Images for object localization

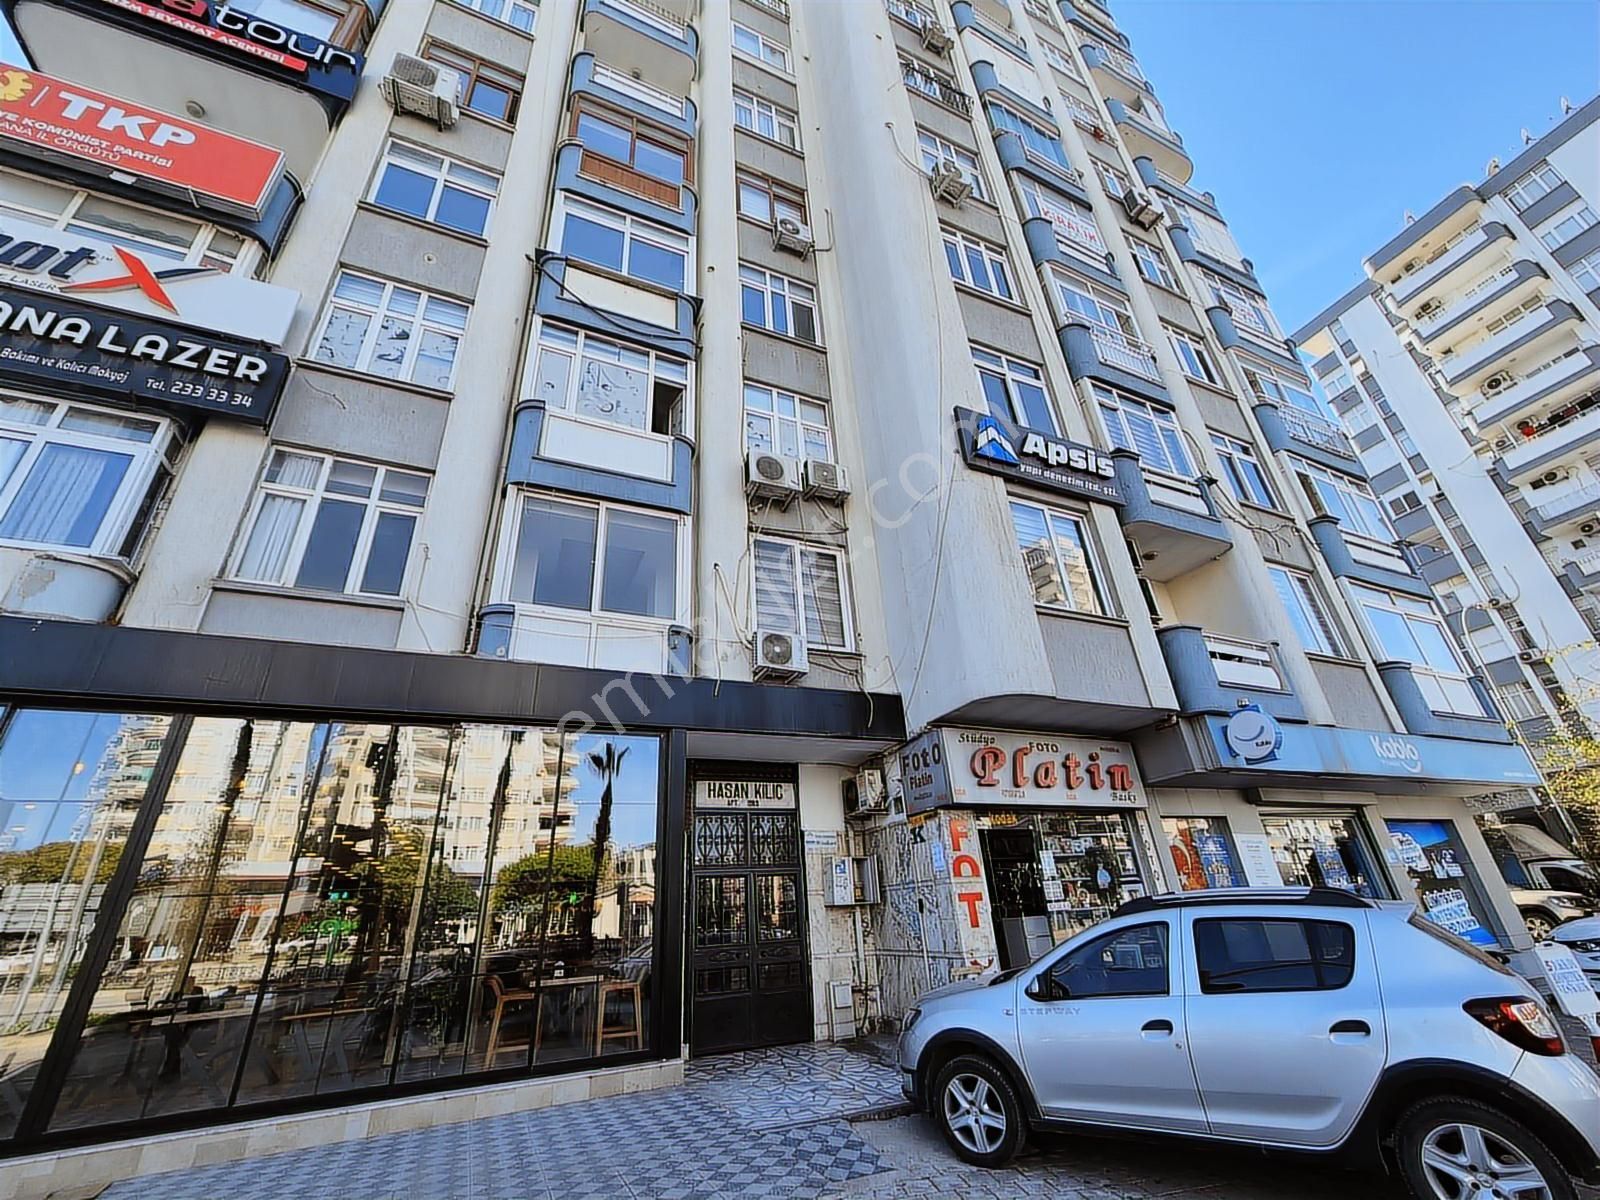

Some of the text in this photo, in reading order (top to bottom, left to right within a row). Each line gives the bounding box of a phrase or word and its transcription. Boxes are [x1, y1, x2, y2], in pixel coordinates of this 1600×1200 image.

[147, 9, 216, 38] SEYAHAT
[59, 90, 196, 147] TKP
[96, 324, 268, 384] LAZER
[146, 378, 253, 408] Tel. 233 33 34
[1022, 432, 1115, 479] Apsis
[1043, 469, 1084, 488] denetim
[1370, 734, 1420, 761] Kablo
[970, 745, 1136, 792] Platin
[707, 782, 749, 799] HASAN
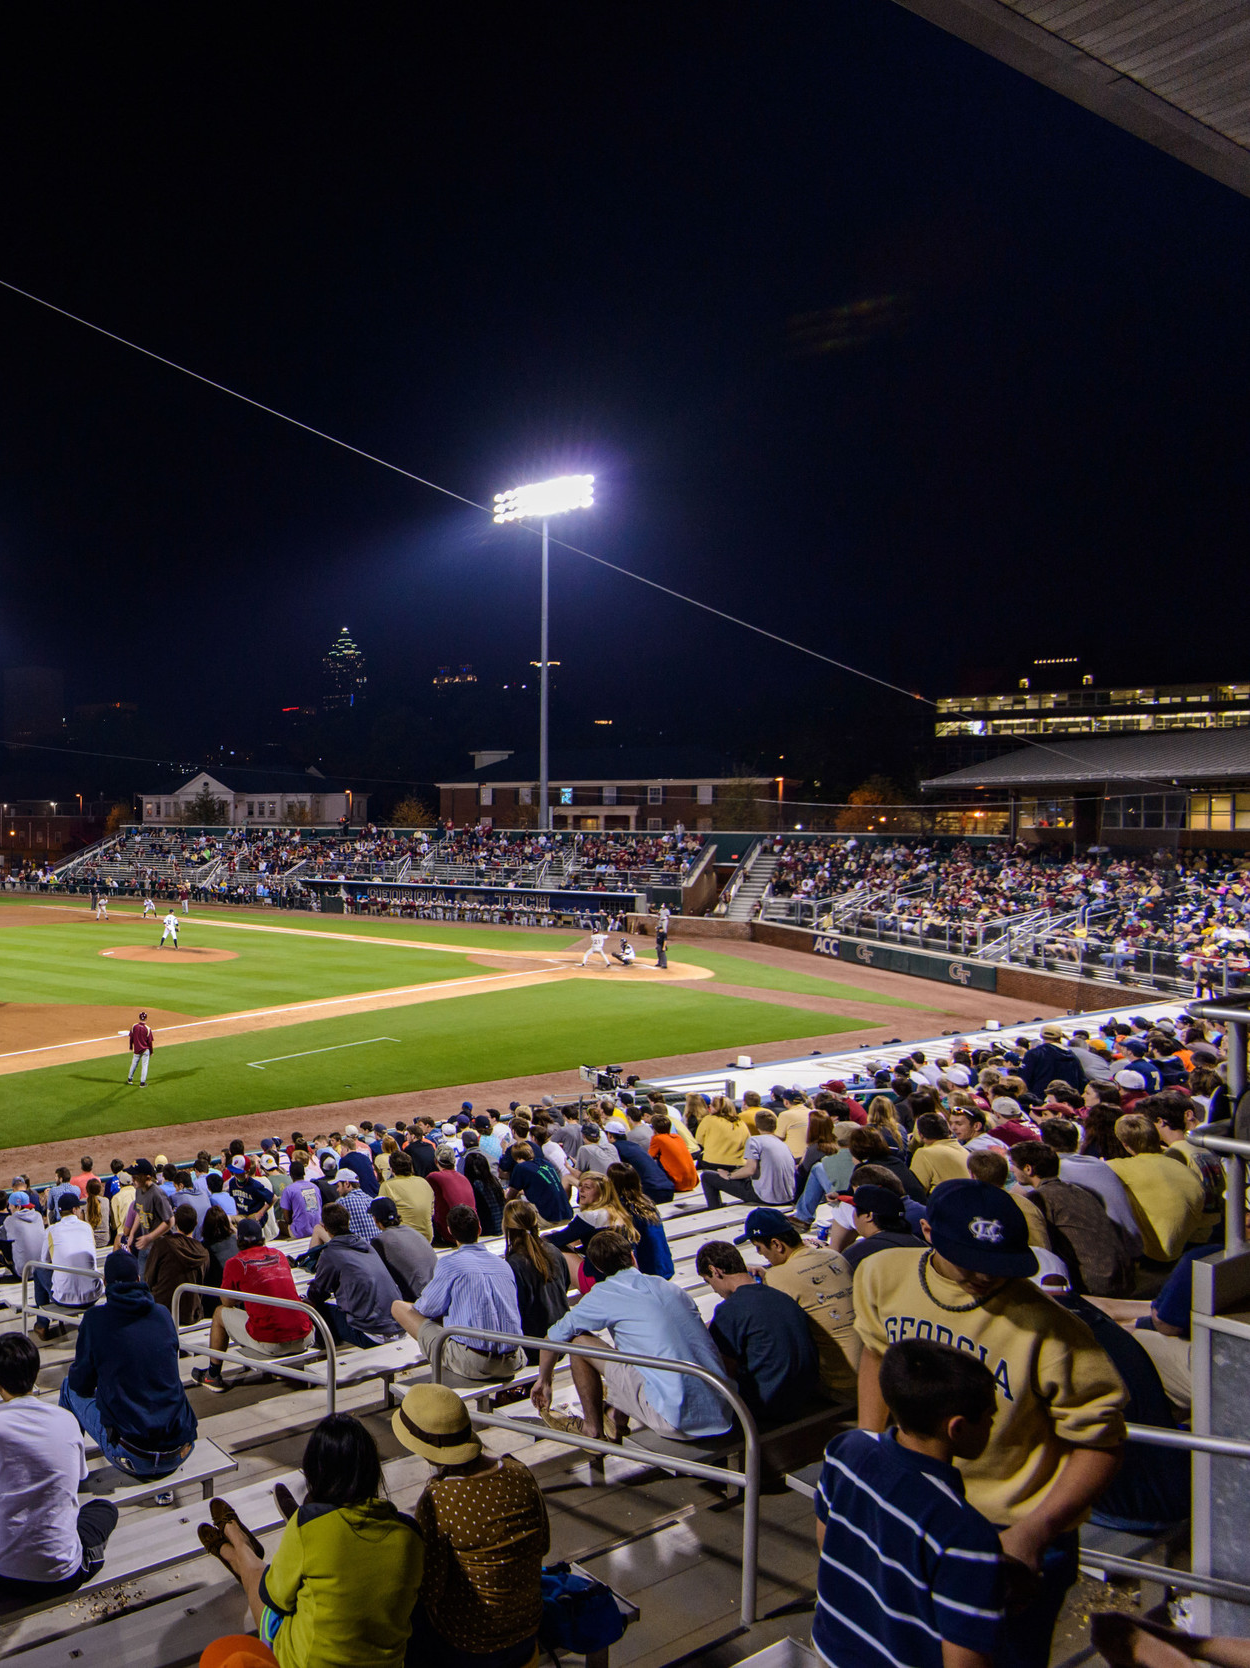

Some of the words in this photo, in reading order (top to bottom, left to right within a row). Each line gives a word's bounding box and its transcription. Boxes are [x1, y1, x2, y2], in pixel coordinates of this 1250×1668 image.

[367, 886, 447, 903] GEORGIA
[495, 892, 551, 910] TECH
[813, 937, 839, 955] ACC
[949, 962, 972, 984] GT
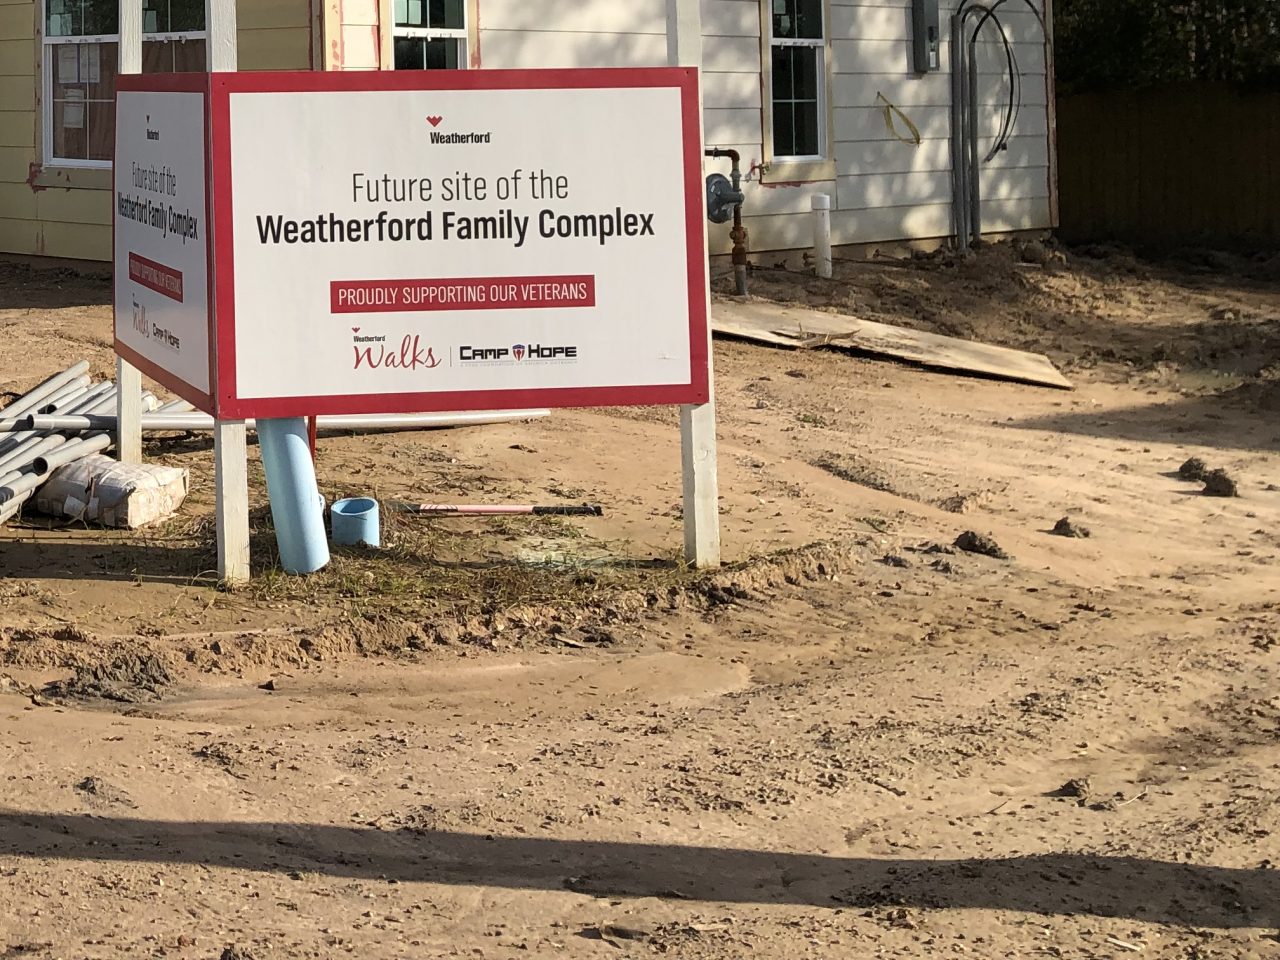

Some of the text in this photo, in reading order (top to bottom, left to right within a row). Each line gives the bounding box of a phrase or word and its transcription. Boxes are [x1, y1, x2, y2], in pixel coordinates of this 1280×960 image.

[430, 131, 490, 144] Weatherford
[352, 169, 569, 203] Future site of the
[256, 206, 655, 247] Weatherford Family Complex
[338, 283, 588, 306] PROUDLY SUPPORTING OUR VETERANS
[353, 334, 442, 371] Walks
[459, 344, 577, 360] CAMP HOPE
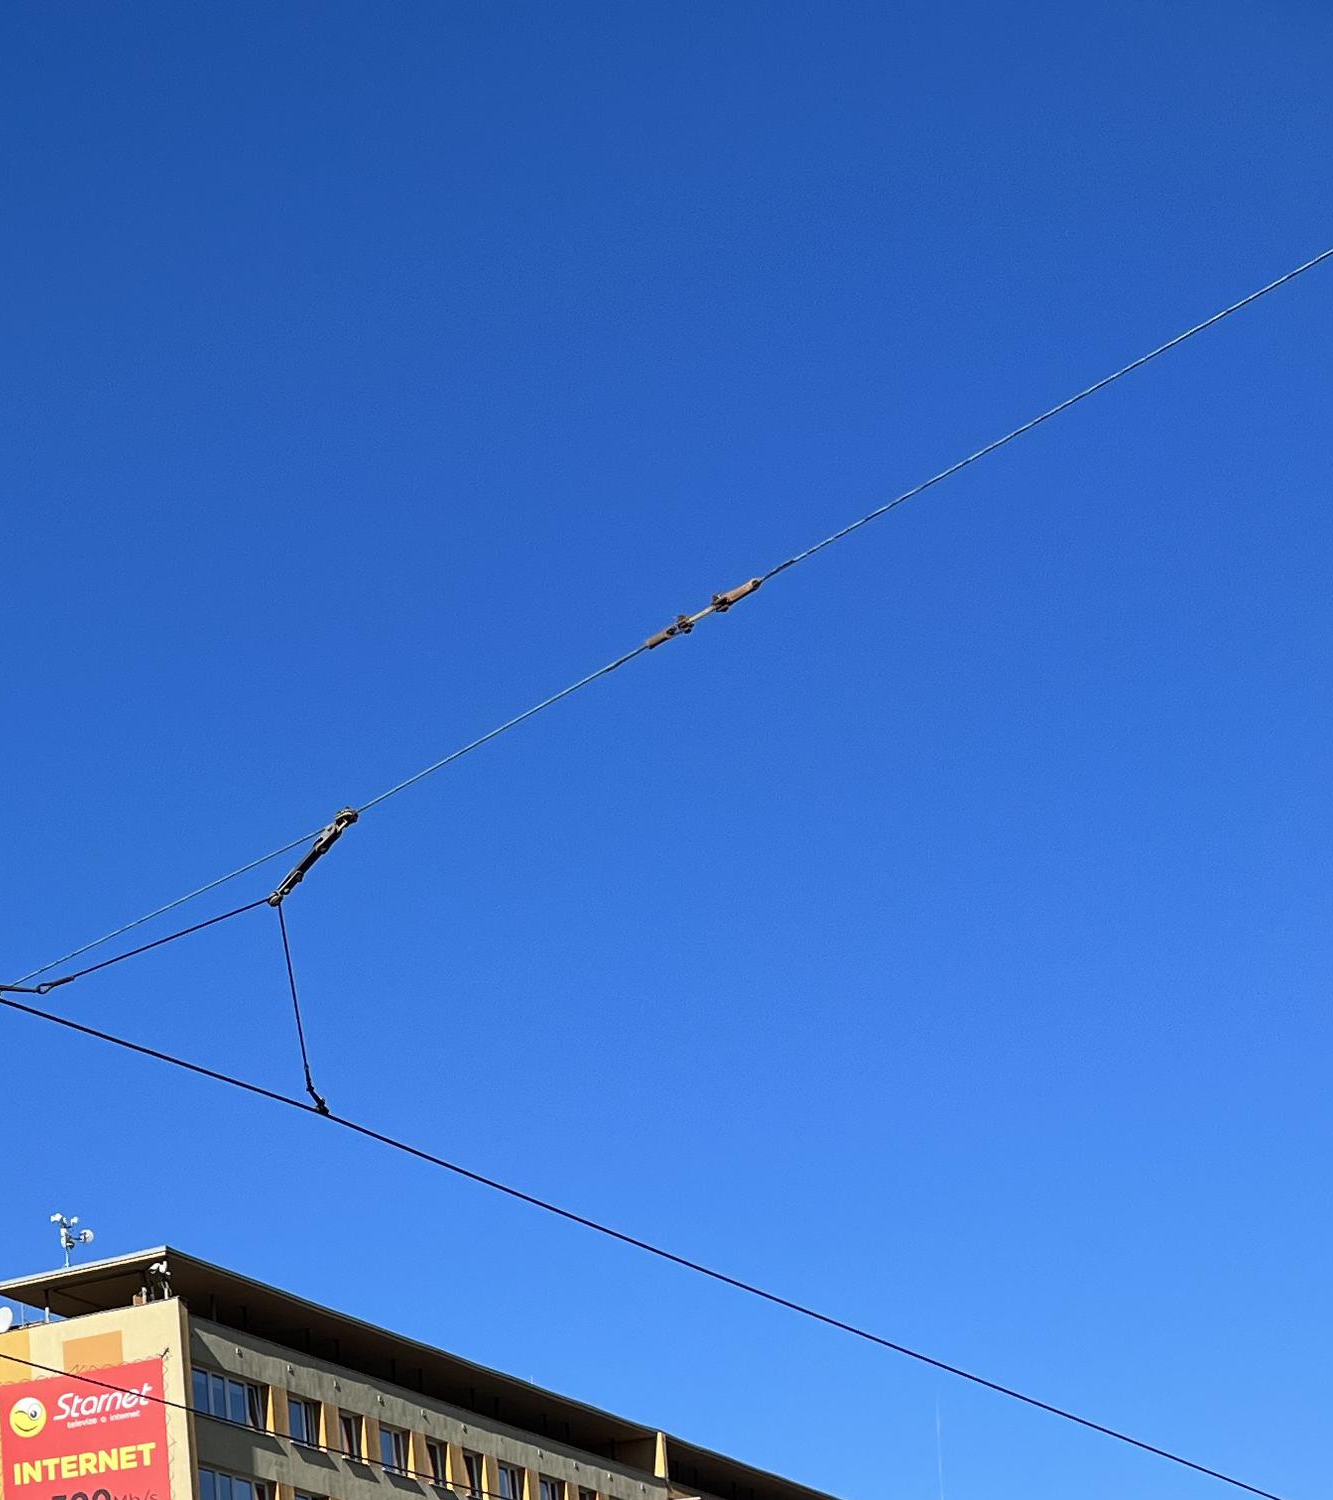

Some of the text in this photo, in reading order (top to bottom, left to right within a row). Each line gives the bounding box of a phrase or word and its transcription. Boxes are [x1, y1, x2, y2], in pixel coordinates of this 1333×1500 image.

[53, 1382, 153, 1421] Starnet
[110, 1410, 141, 1421] internet
[13, 1442, 156, 1485] INTERNET

What you should do — Retype the entries word for word. Omit any images.

Written solution —
Some of the text in this photo, in reading order (top to bottom, left to right within a row). Each line gives the bounding box of a phrase or word and its transcription. Boxes are [x1, y1, x2, y2], in pixel coordinates of this 1600×1200 image.

[147, 9, 216, 38] SEYAHAT
[59, 90, 196, 147] TKP
[96, 324, 268, 384] LAZER
[146, 378, 253, 408] Tel. 233 33 34
[1022, 432, 1115, 479] Apsis
[1043, 469, 1084, 488] denetim
[1370, 734, 1420, 761] Kablo
[970, 745, 1136, 792] Platin
[707, 782, 749, 799] HASAN

Some of the words in this photo, in reading order (top to bottom, left to right within a row). Each line gives a word's bounding box and its transcription. Boxes are [x1, y1, x2, y2], in pixel coordinates of this 1250×1668 image.

[367, 886, 447, 903] GEORGIA
[495, 892, 551, 910] TECH
[813, 937, 839, 955] ACC
[949, 962, 972, 984] GT

Some of the text in this photo, in reading order (top to bottom, left to right within a row). Each line gives the bounding box of a phrase or word and its transcription. Boxes are [x1, y1, x2, y2], in pixel coordinates of this 1280×960 image.

[430, 131, 490, 144] Weatherford
[352, 169, 569, 203] Future site of the
[256, 206, 655, 247] Weatherford Family Complex
[338, 283, 588, 306] PROUDLY SUPPORTING OUR VETERANS
[353, 334, 442, 371] Walks
[459, 344, 577, 360] CAMP HOPE

Some of the text in this photo, in reading order (top to bottom, left to right within a row). Each line gives the bounding box of a phrase or word and its transcription. Boxes are [x1, y1, x2, y2], in pixel coordinates of this 1333×1500 image.

[53, 1382, 153, 1421] Starnet
[110, 1410, 141, 1421] internet
[13, 1442, 156, 1485] INTERNET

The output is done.